### BRIEF
Drop every picture, then repeat the records exactly.

───── RECORDS FOR PROCESSING

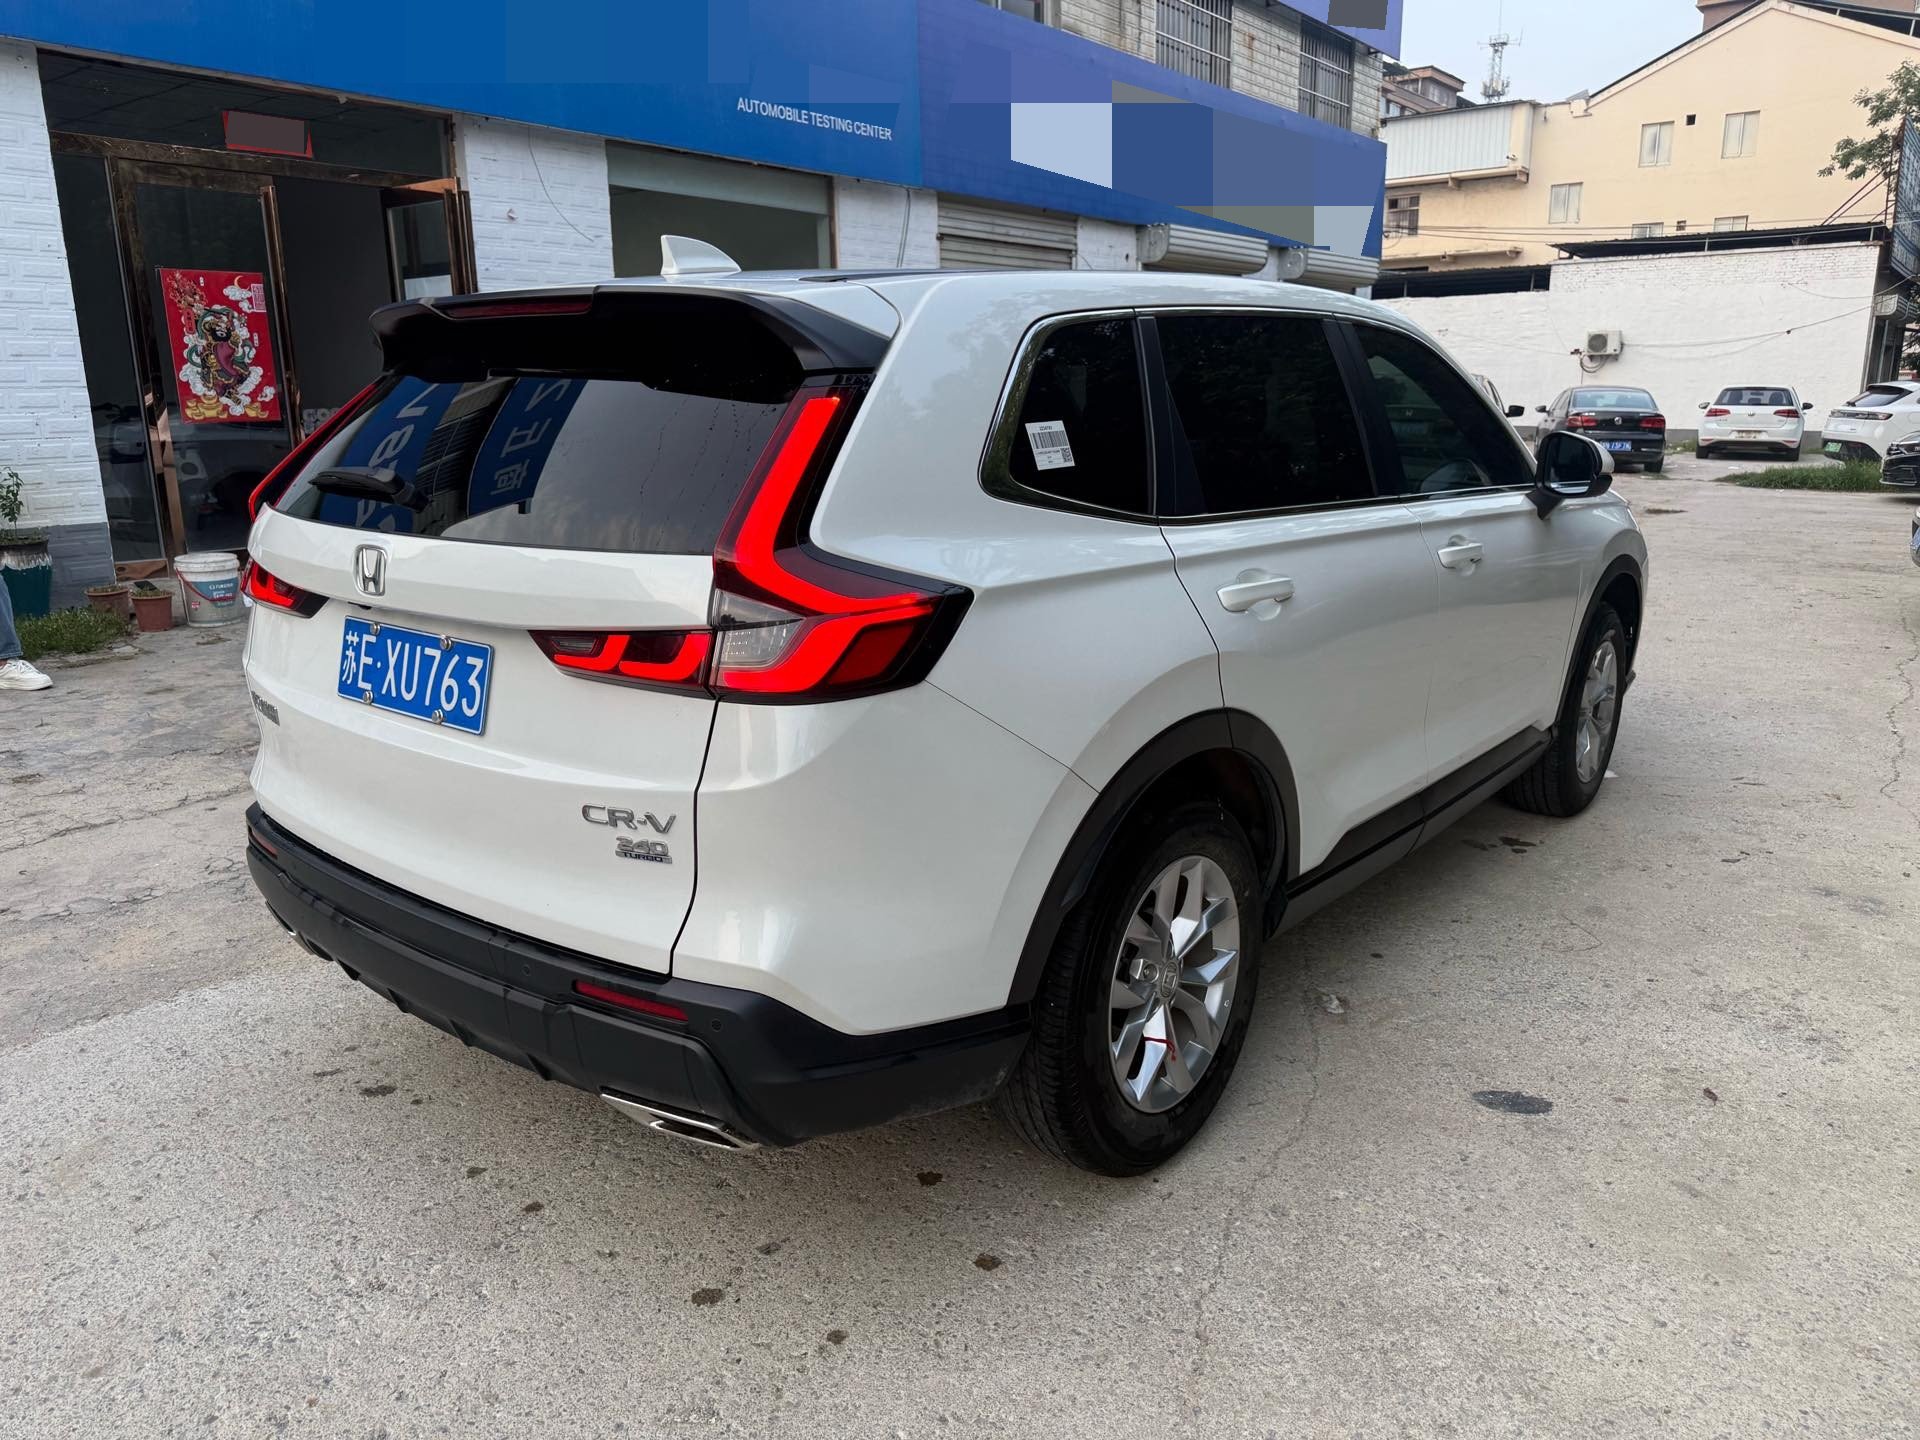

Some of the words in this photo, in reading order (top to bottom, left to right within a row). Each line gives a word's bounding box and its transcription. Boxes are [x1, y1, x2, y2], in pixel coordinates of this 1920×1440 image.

[737, 97, 809, 125] AUTOMOBILE
[810, 111, 853, 133] TESTING
[854, 121, 893, 141] CENTER
[581, 803, 677, 835] CR-V
[615, 835, 669, 857] 240
[623, 851, 664, 863] TURBO

──────────

### REPLY
Some of the words in this photo, in reading order (top to bottom, left to right within a row). Each line gives a word's bounding box and its transcription. Boxes are [x1, y1, x2, y2], in pixel coordinates of this 1920×1440 image.

[737, 97, 809, 125] AUTOMOBILE
[810, 111, 853, 133] TESTING
[854, 121, 893, 141] CENTER
[581, 803, 677, 835] CR-V
[615, 835, 669, 857] 240
[623, 851, 664, 863] TURBO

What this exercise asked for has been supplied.